Indigo Donut by Patrice Lawrence
|Indigo Donut by Patrice Lawrence|
|Reviewer: Jill Murphy|
|Summary: Fabulous story of young love and the search for identity. Patrice Lawrence creates characters you can get lost in. I loved this absorbing story.|
|Buy? Yes||Borrow? Yes|
|Pages: 400||Date: July 2017|
|External links: Author's website|
In Bailey's opinion, Indigo didn't look like she needed a hero. One by one, she looked Mona, Saskia, Betti and Kay in the eye. Then she gave them the finger: slow motion. Headphones on again, she sauntered off towards the science wing. Hell. That was... She was...
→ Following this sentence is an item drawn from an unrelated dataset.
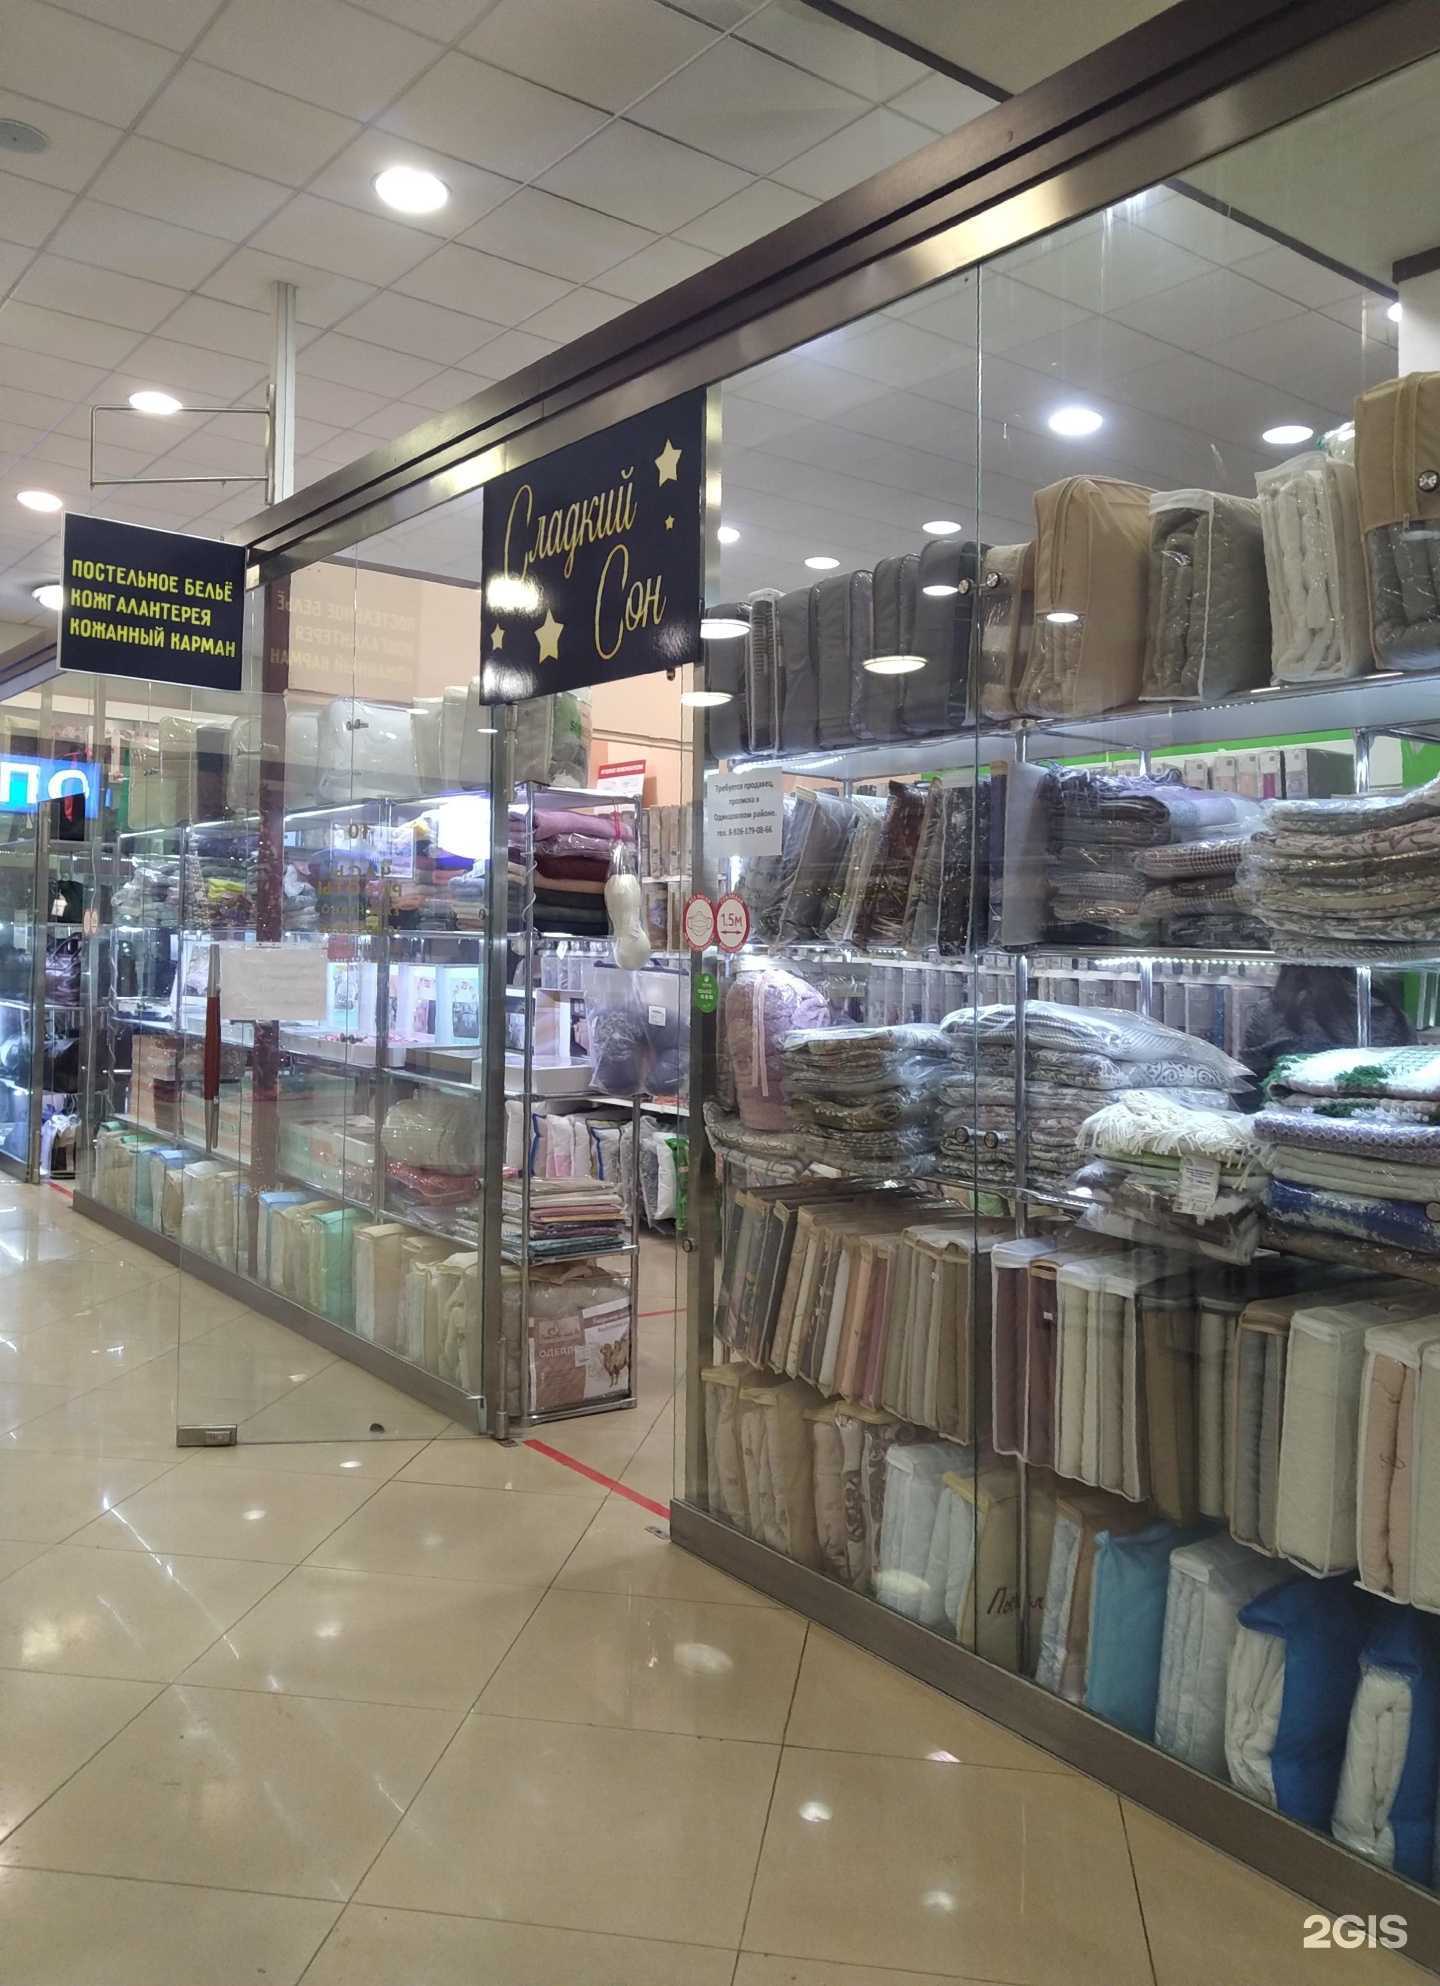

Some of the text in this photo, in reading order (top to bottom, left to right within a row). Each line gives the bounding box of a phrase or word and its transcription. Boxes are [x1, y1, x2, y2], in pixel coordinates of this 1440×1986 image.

That's Indigo for you! Indigo is seventeen. And on her umpteenth school. Pitt Academy is a last chance for Indigo and her foster mother Keeley is anxious that she makes it there. But it's not easy for Indigo - her reputation for kicking off always precedes her. And that's the least of it - because someone always finds out about her past: that she is the tiny little girl who was found by the body after her father killed her mother.
Bailey doesn't have these problems. He has nice middle class, right-on parents. They encourage his love of playing guitar and he's secure in his mixed race identity - particularly proud of his fabulous ginger afro. He doesn't like to see people picked on and sticks up for Indigo on the bus one day. This leads to an awkward and stumbling but intense fledgling romance between the two.
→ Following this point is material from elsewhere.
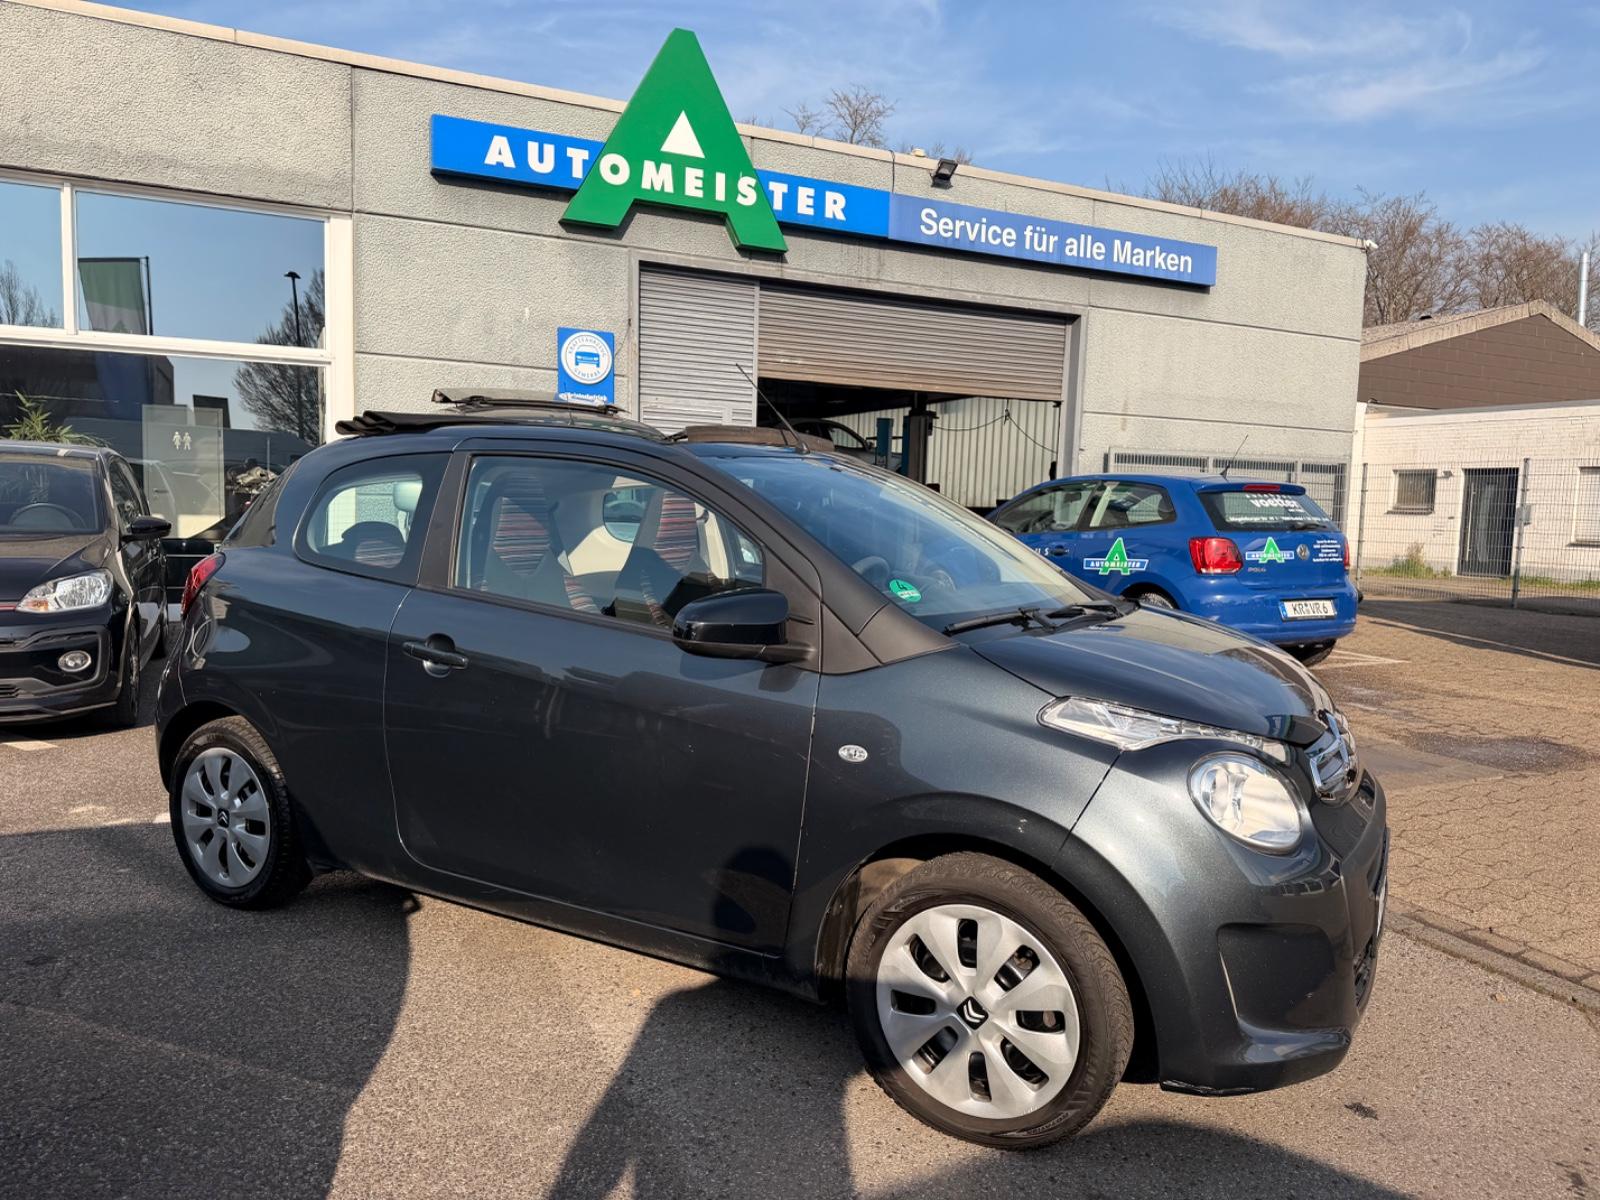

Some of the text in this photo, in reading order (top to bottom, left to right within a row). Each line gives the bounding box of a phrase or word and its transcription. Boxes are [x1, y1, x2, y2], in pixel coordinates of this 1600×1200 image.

[484, 135, 847, 222] AUTOMEISTER
[919, 207, 1193, 273] Service für alle Marken
[1089, 560, 1141, 568] AUTOMEISTER
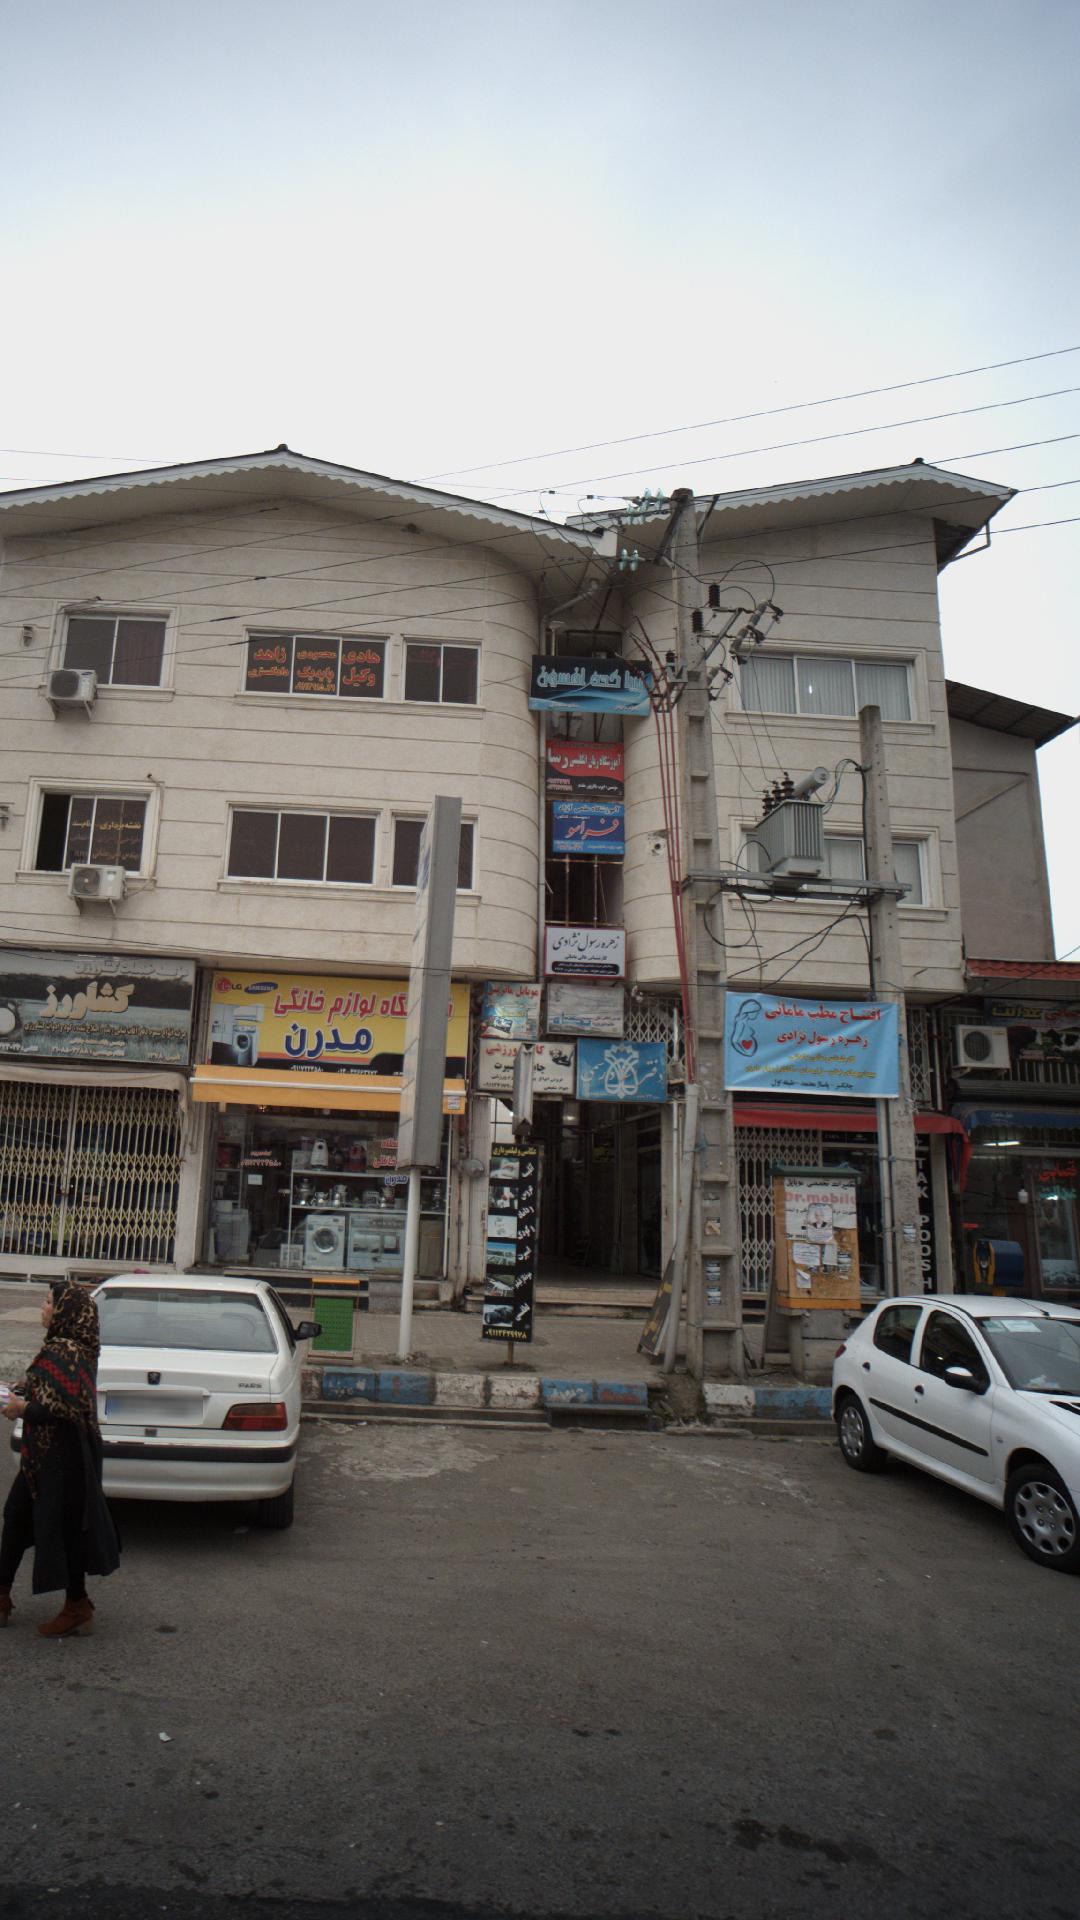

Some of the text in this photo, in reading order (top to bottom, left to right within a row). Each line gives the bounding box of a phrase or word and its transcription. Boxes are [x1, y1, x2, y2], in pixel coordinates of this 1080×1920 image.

And then Bailey is approached by homeless guy with information about Indigo - should he keep that information to himself, or should he speak up?
Oh, I loved this story. The plot hinges on the mystery surrounding Indigo's family and it's gradually revealed with genuine care and compassion by Lawrence. The two central characters are quite stereotypical as I've outlined them here, I know, but they really aren't. Both Indigo and Bailey are fully-rounded people - fallible and vulnerable, vivid and interesting. I loved them both and was rooting for them almost from the first pages. The relationship between them can be awkward and precarious but also intense and life-affirming, as most early love affairs are. The city of London also infuses the pages vividly, capturing a narrative rooted in the reality of lived experience.
Lawrence is a storyteller, you know? I believed in her setting, I believed in her characters and I was absorbed by her plot. I don't know what more I could have asked for.